• **DIRECTIONS**:
Output the listing verbatim, leaving out every picture.

• **SOURCE MATERIAL**:
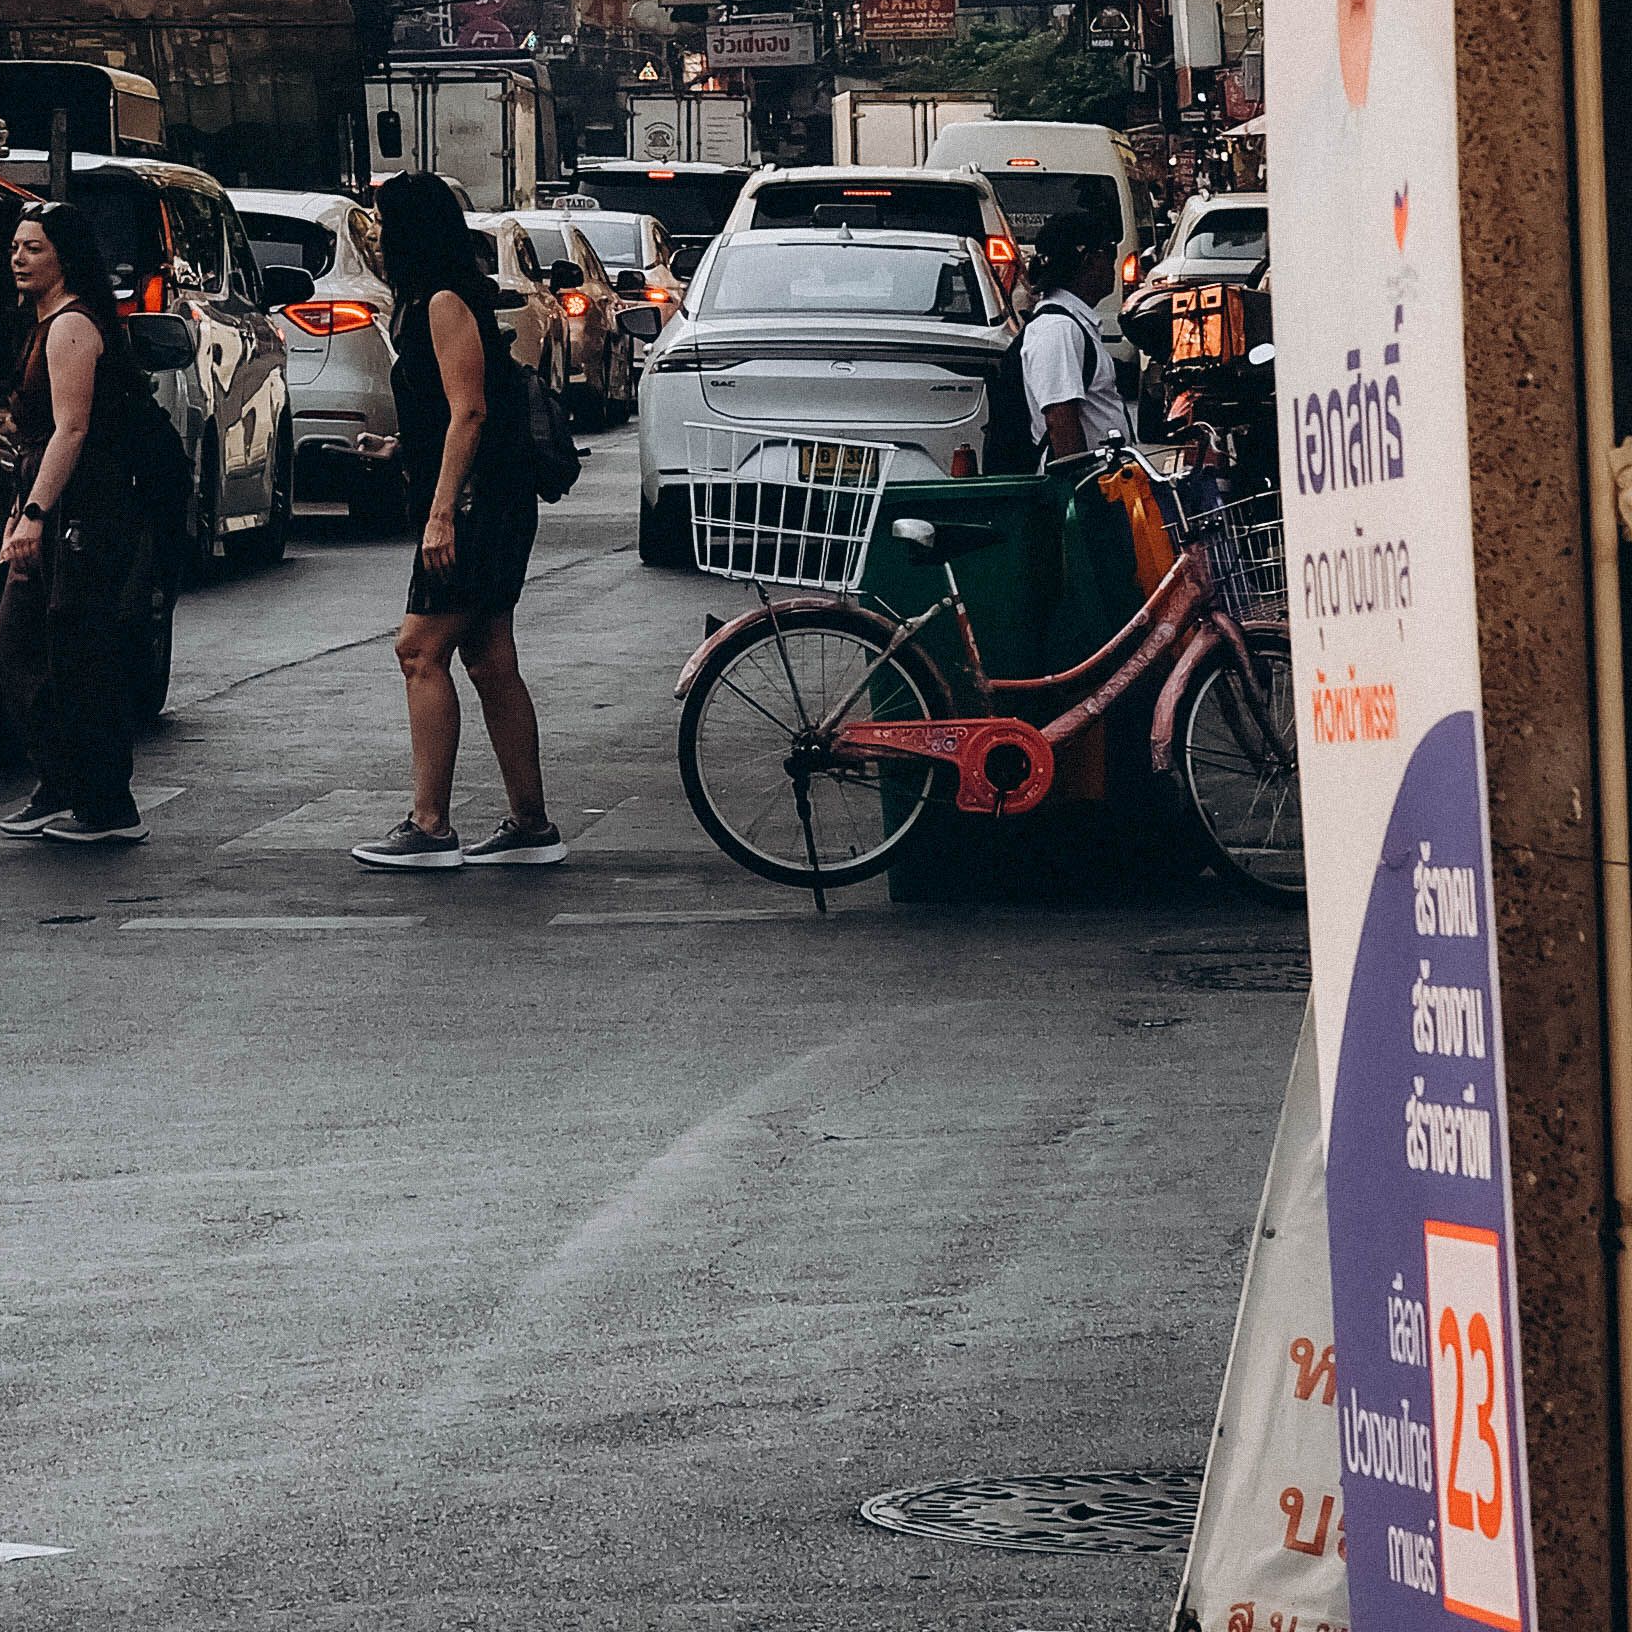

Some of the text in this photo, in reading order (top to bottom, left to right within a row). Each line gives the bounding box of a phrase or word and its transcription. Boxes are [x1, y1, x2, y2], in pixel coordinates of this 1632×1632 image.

[1311, 663, 1399, 744] หัวหน้าพรรค
[1413, 840, 1479, 937] สร้างคน
[1411, 958, 1487, 1060] สร้างงาน
[1405, 1074, 1492, 1181] สร้างอาชีพ
[1387, 1271, 1427, 1369] เลือก
[1438, 1305, 1503, 1541] 23
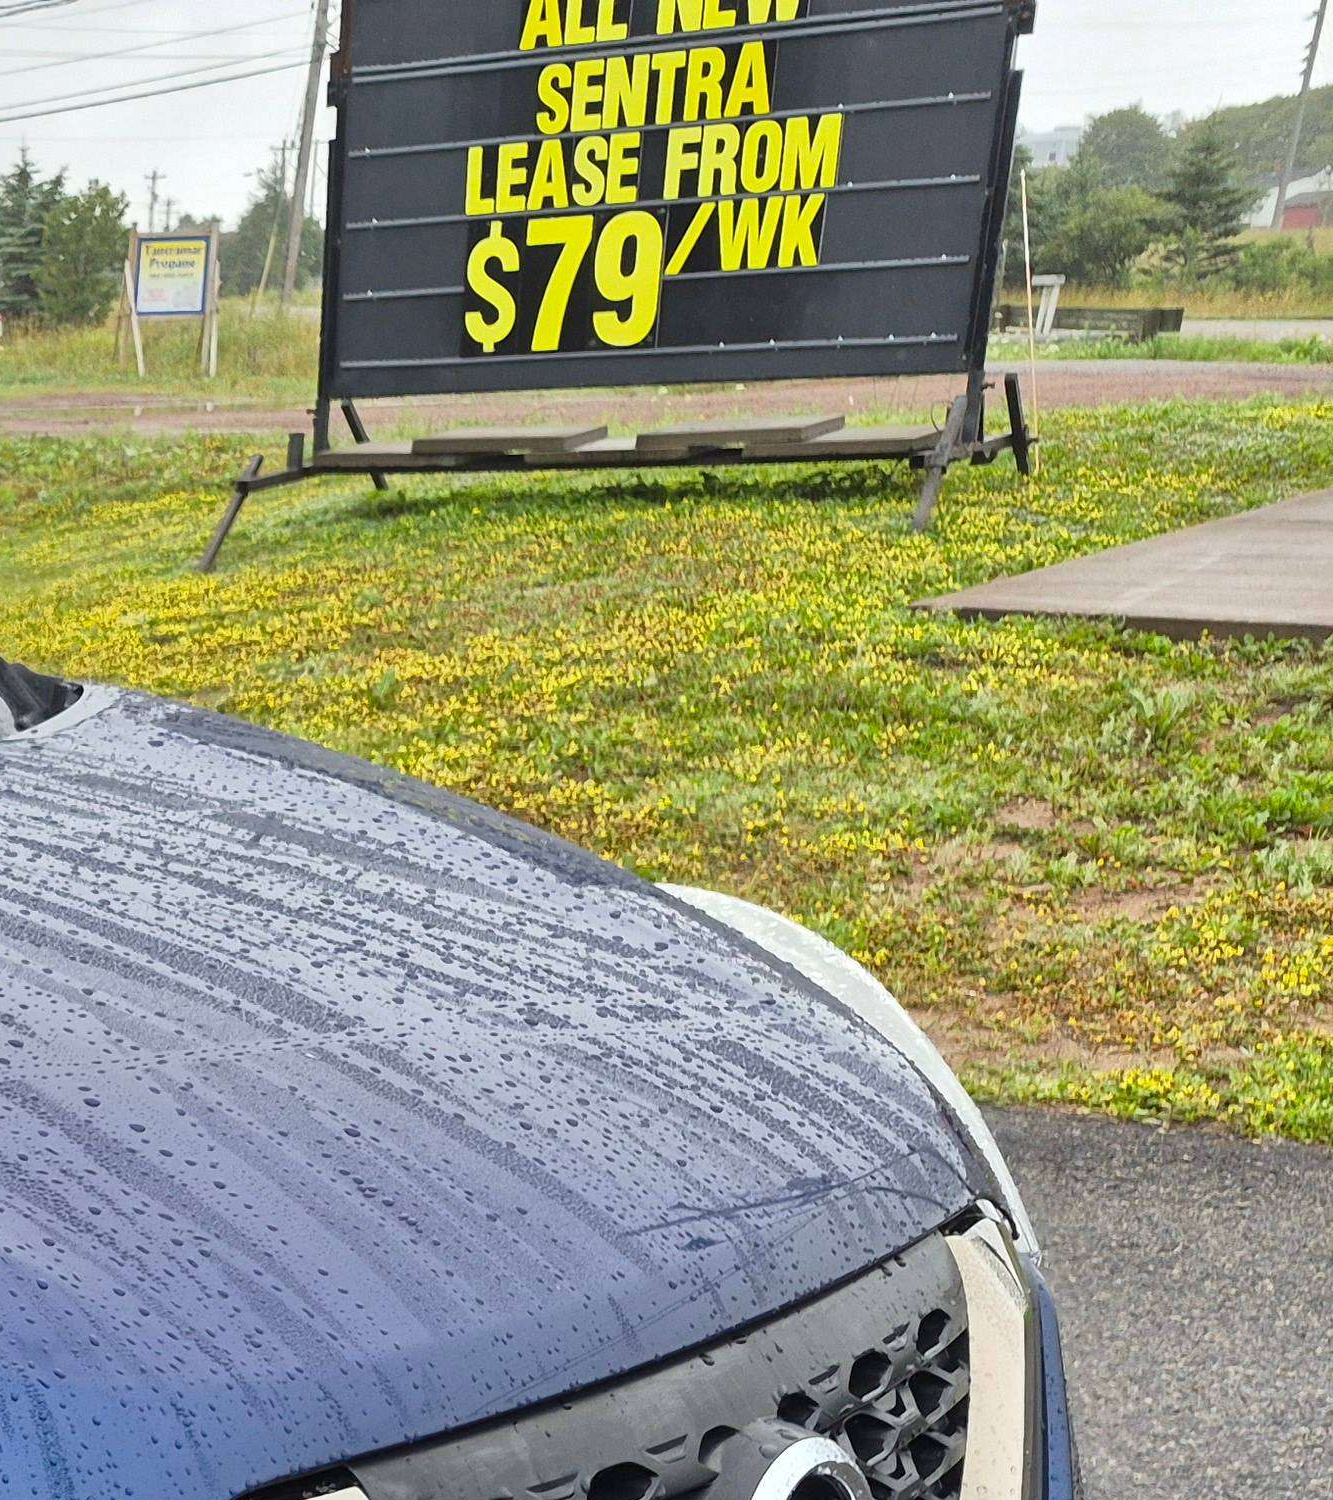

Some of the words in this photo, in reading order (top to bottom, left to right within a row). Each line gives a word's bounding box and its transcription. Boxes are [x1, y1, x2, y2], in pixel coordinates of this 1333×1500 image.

• **RESULT OF THIS EXERCISE**:
Some of the text in this photo, in reading order (top to bottom, left to right within a row). Each line gives the bounding box of a phrase or word and its transcription. Boxes are [x1, y1, x2, y2], in pixel coordinates of this 1632×1632 image.

[1311, 663, 1399, 744] หัวหน้าพรรค
[1413, 840, 1479, 937] สร้างคน
[1411, 958, 1487, 1060] สร้างงาน
[1405, 1074, 1492, 1181] สร้างอาชีพ
[1387, 1271, 1427, 1369] เลือก
[1438, 1305, 1503, 1541] 23

Some of the words in this photo, in reading order (top to bottom, left to right within a row). Each line gives a word's bounding box and its transcription. Boxes are [x1, y1, x2, y2], in pixel coordinates of this 1333×1500 image.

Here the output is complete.